O Ministério Público tem capacidade para, em algumas matérias que não sejam da competência reservada da Polícia Judiciária, dizer qual é o órgão de polícia criminal mais bem colocado para fazer a investigação. Mas aí também há algumas dificuldades. Apesar de o Ministério Público ter o domínio do inquérito e de ser indesejável que se transforme em polícia, por vezes está muito ausente. Na maioria dos casos, com as delegações genéricas, delega tudo nos órgãos de polícia criminal, chega ao fim e recebe o resultado para arquivar ou acusar.

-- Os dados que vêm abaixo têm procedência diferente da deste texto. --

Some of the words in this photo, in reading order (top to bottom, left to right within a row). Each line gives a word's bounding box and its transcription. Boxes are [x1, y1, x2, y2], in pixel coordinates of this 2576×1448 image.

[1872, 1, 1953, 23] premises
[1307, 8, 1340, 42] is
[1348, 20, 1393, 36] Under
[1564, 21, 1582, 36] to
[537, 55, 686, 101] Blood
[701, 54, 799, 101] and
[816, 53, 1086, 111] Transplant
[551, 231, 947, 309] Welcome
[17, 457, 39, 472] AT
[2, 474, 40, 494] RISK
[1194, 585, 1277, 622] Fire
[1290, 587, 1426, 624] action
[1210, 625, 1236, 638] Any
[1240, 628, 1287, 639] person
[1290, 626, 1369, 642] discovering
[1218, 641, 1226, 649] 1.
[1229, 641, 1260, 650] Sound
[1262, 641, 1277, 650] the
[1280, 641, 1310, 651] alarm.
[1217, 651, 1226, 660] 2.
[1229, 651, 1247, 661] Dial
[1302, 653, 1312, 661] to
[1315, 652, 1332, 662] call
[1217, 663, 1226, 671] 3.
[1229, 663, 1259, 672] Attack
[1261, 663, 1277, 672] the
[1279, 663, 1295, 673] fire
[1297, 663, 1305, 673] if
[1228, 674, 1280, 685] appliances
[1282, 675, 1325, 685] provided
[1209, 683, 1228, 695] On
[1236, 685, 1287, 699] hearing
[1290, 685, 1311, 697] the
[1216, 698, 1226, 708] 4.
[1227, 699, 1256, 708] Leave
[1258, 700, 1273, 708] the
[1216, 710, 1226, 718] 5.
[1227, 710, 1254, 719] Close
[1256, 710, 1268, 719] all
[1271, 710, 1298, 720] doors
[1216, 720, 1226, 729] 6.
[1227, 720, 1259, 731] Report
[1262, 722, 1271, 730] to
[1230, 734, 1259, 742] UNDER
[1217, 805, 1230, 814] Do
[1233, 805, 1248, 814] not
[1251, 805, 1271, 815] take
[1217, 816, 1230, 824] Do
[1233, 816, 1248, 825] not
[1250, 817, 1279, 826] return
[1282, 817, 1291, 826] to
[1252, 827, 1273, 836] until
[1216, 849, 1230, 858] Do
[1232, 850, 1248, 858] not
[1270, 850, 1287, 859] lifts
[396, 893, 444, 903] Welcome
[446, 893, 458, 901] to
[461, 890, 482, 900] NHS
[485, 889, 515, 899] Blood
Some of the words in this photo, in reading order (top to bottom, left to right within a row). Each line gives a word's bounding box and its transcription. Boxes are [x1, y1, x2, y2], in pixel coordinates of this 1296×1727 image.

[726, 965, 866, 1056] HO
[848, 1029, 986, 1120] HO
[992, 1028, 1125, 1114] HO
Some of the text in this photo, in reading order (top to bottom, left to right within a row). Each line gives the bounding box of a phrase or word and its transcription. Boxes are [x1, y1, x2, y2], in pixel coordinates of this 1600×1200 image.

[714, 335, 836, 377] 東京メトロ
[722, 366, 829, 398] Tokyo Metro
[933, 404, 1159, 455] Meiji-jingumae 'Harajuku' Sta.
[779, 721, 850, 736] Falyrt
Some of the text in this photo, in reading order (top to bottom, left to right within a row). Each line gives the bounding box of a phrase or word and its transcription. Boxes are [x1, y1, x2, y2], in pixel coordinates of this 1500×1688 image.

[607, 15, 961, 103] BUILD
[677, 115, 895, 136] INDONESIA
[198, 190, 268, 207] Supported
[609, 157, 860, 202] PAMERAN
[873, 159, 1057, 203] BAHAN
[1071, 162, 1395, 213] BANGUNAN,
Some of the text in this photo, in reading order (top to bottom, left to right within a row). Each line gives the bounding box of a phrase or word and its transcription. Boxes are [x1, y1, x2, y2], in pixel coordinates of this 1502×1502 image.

Deveria acompanhar mais de perto?
Sim, porque a acusação do Ministério Público é essencial para ter êxito no julgamento. E um Ministério Público muito ausente do inquérito não conhece tão bem o processo para fazer uma acusação tão sustentada. Na maioria dos casos, os contactos do Ministério Público com os processos são completamente inexistentes. E sei que é muito complicado, porque os magistrados não são em número que permita o acompanhamento de todos os inquéritos.
Na óptica das polícias, alguns magistrados estão presentes demais.
É verdade, mas o que falha mais é um certo distanciamento. E se houvesse menos distanciamento, talvez houvesse maiores possibilidades de evitar conflitos de competências. Só se ganha confiança através da proximidade.
Ainda persiste a ideia de que precisamos de mais polícias?
Enquanto fui ministro achava que, em geral, havia um número de polícias aceitável, por relação com o número de habitantes. Sei que hoje os polícias se queixam de que há muitos a sair e poucos a entrar. O que tem de se garantir é o equilíbrio desses dois movimentos. Ainda hoje ouvi queixas, salvo erro, do sindicato do SEF…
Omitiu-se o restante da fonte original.